By contrast, in 2003 the same NCI pronounced that induced abortion is definitely not a risk factor for increased risk of breast cancer. Early last year the world renowned British medical journal The Lancet published an article authored by a prestigious group of Oxford researchers that came to the same conclusion.
Its lead author, Valerie Beral, undertook a publicity blitz to insist, "The totality of the worldwide epidemiological evidence indicates that pregnancies ended by induced abortion do not have adverse effects on women's subsequent risk of developing breast cancer." But as NRL News readers already know from a story in the May 2004 edition, that new study only intensified the debate.
Why? After all, can't we be sure that when science speaks, it speaks from the certainty of repeated observations conducted in an objective way?

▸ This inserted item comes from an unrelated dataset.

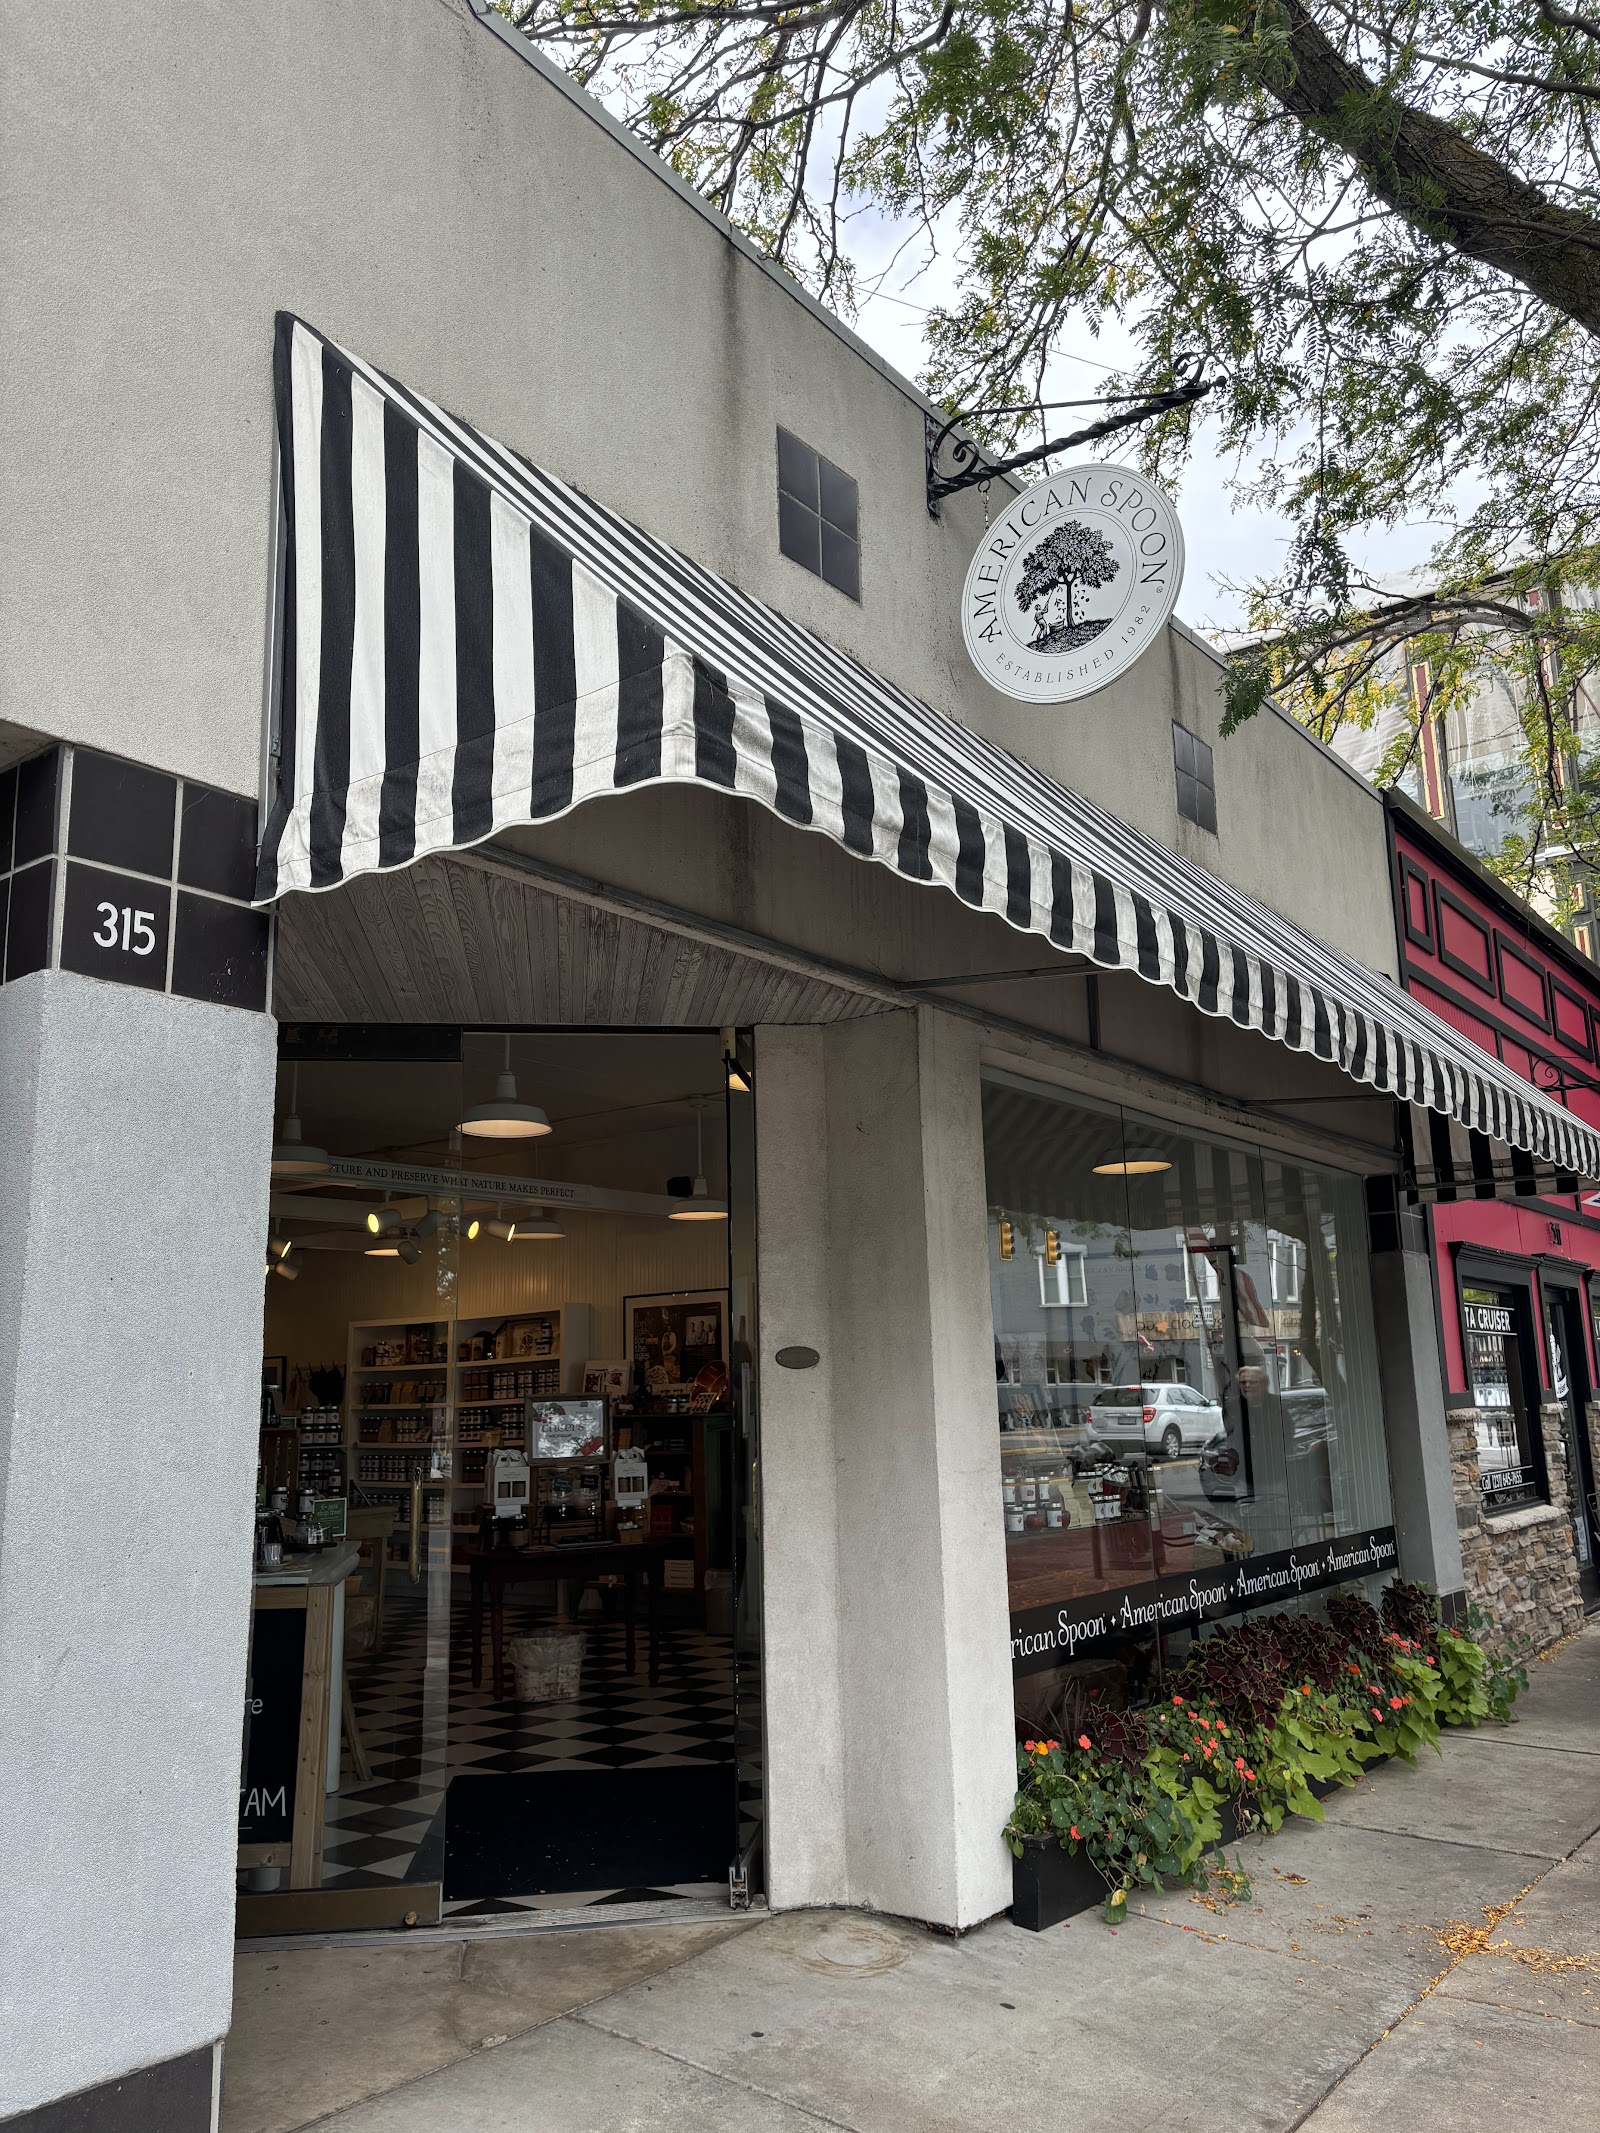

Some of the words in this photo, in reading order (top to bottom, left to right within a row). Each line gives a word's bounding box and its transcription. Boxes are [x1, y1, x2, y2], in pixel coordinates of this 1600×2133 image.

Unfortunately, when we compare the science that concluded that prolonged use of hormone replacement therapy increases breast cancer risk and the science that concluded that an induced abortion doesn't, an objective look reveals a double standard. To document this disparity, it is important to examine the HRT/breast cancer work of a prominent Oxford University epidemiologist who just happens to be the same Valerie Beral.
Last year, Beral and her group helped establish HRT as a risk factor when they published, the "Million Woman Study" on HRT and breast cancer in the UK in The Lancet. In conducting the study, the Beral group sent questionnaires out to women between the ages of 50 and 65.